§ What to do
Please copy out the entries exactly, skipping any pictures.

** Opening Provided material block **

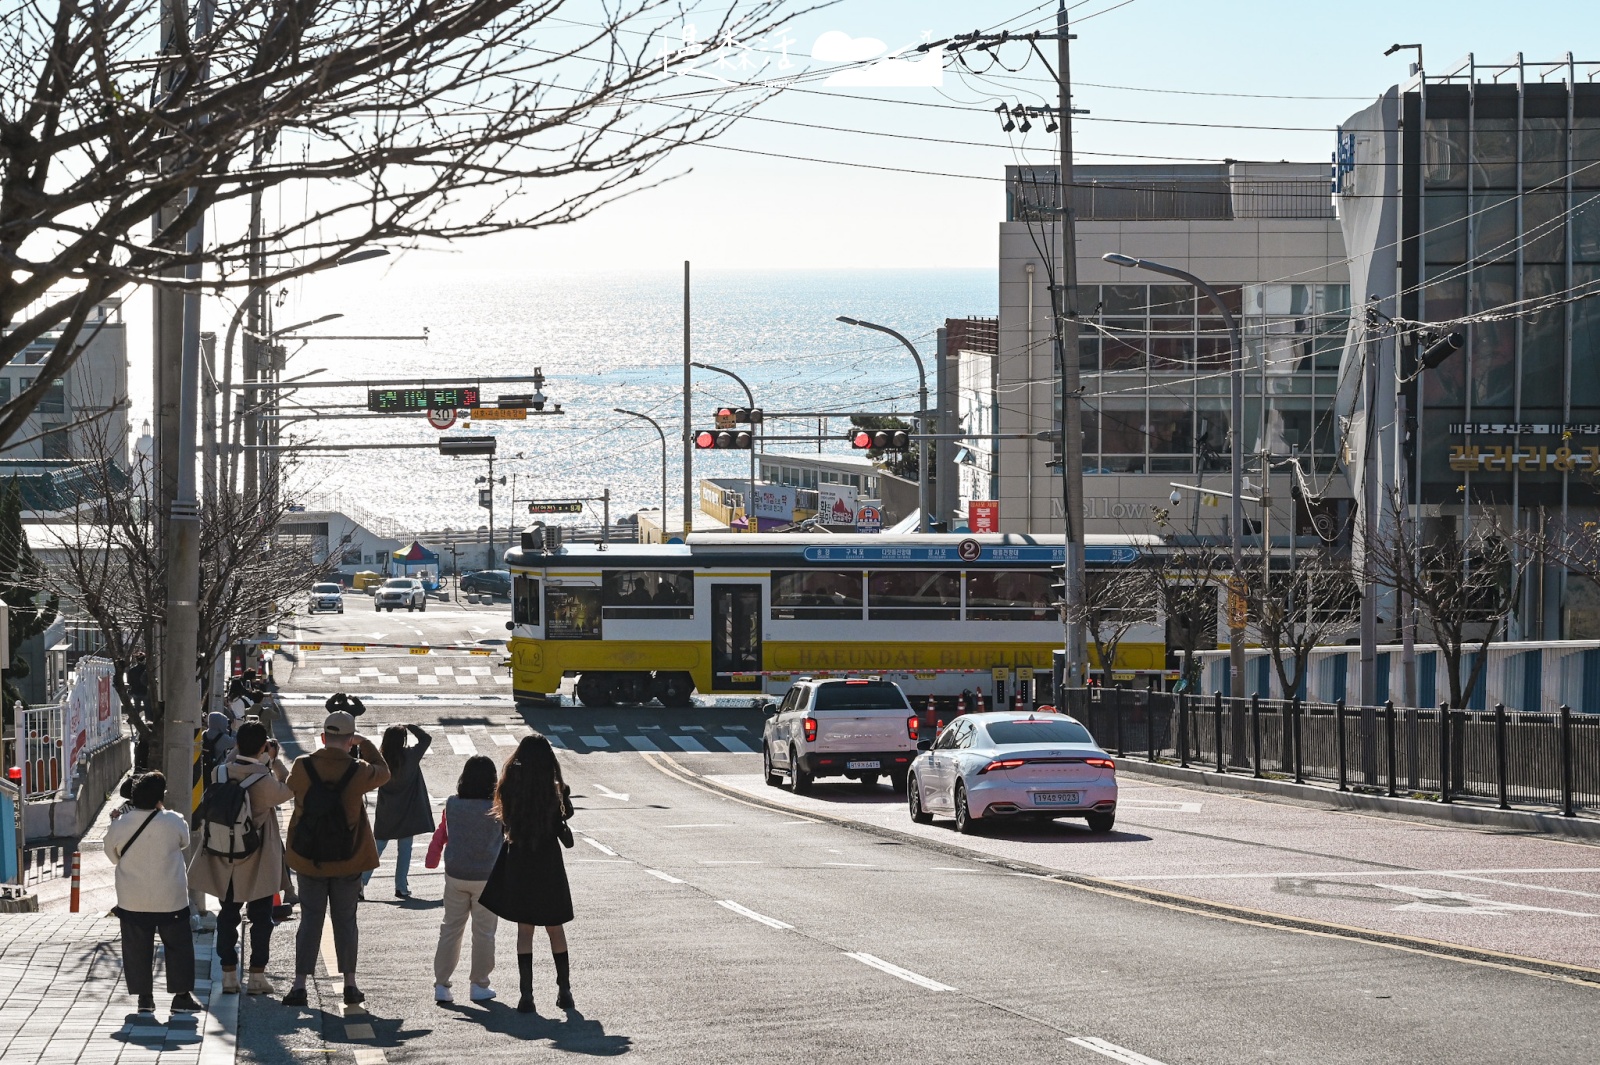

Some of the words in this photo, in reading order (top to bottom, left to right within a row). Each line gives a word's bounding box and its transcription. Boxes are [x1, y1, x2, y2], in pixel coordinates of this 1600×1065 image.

[432, 409, 450, 419] 30
[799, 649, 925, 665] HAEUNDAE
[940, 650, 1048, 666] BLUELINE
[1058, 794, 1077, 802] 9023
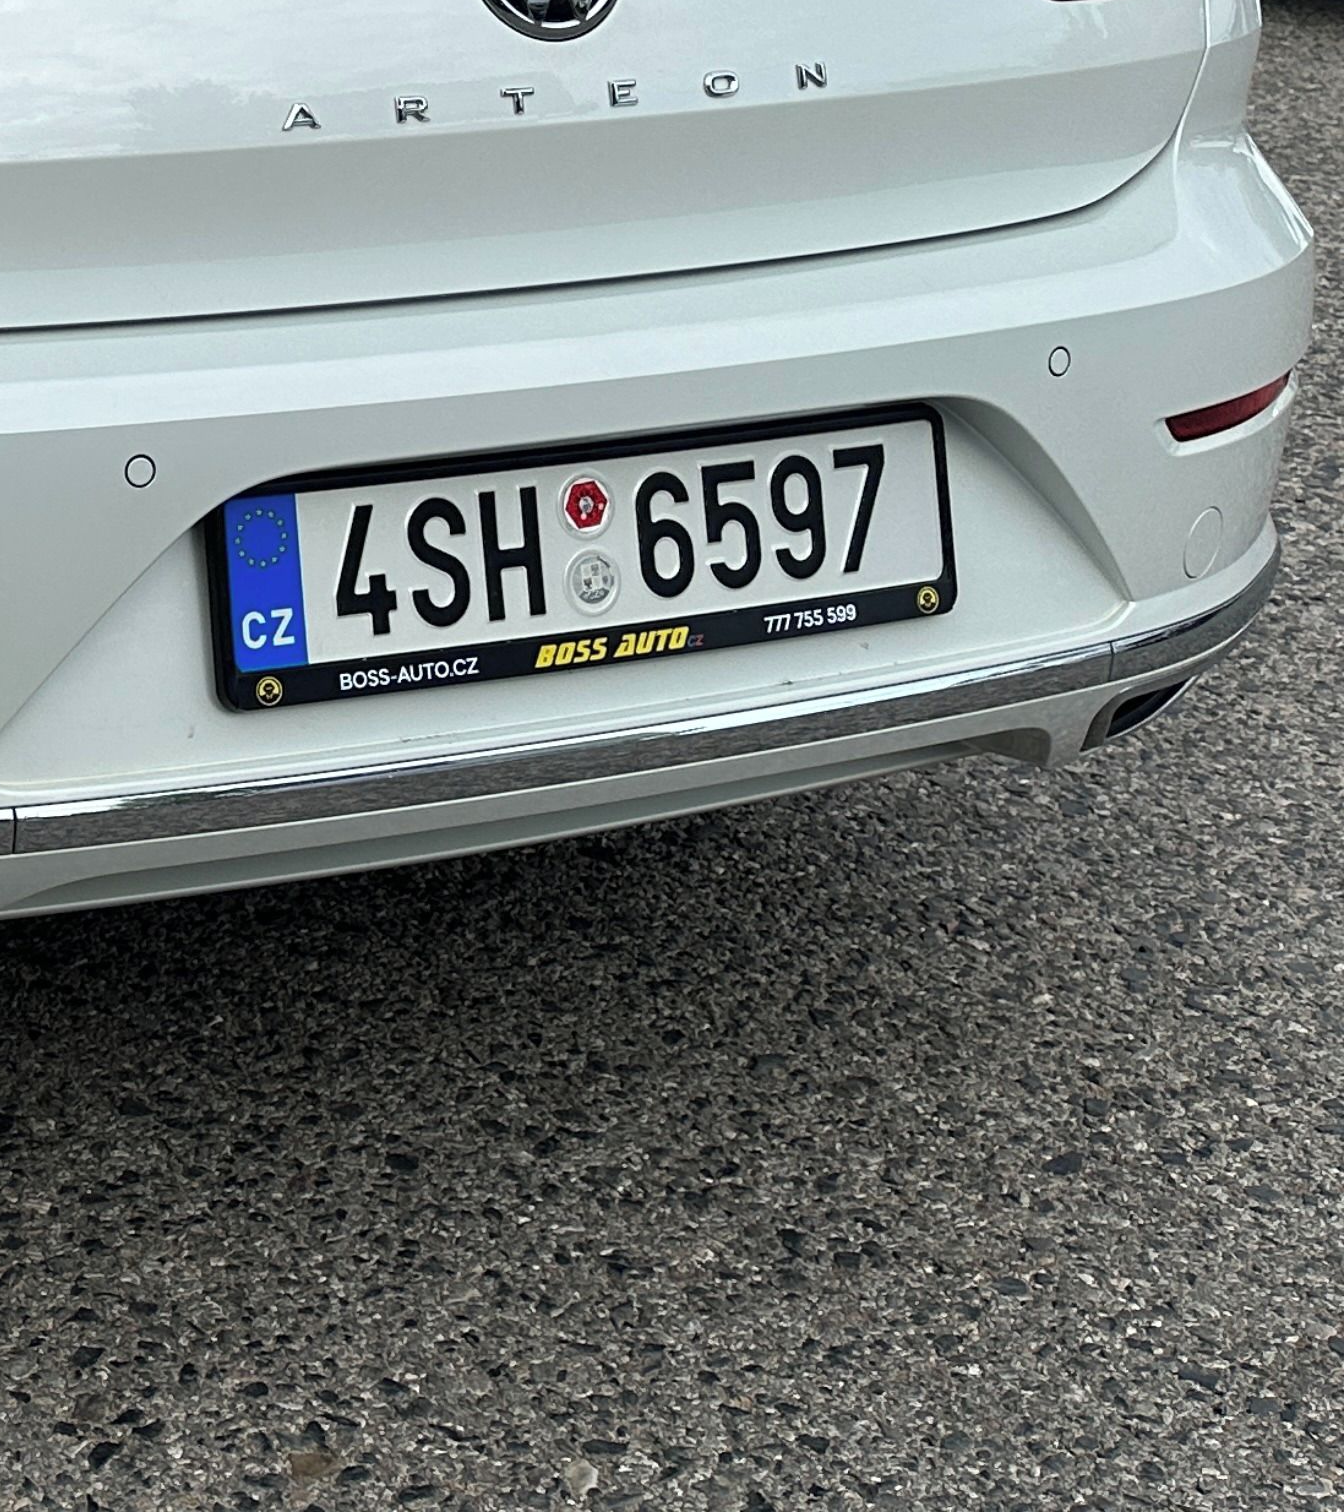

** Closing Provided material block **

§ Exercise response
Some of the words in this photo, in reading order (top to bottom, left to right within a row). Each line gives a word's bounding box and its transcription. Boxes are [x1, y1, x2, y2], in pixel coordinates of this 1600×1065 image.

[432, 409, 450, 419] 30
[799, 649, 925, 665] HAEUNDAE
[940, 650, 1048, 666] BLUELINE
[1058, 794, 1077, 802] 9023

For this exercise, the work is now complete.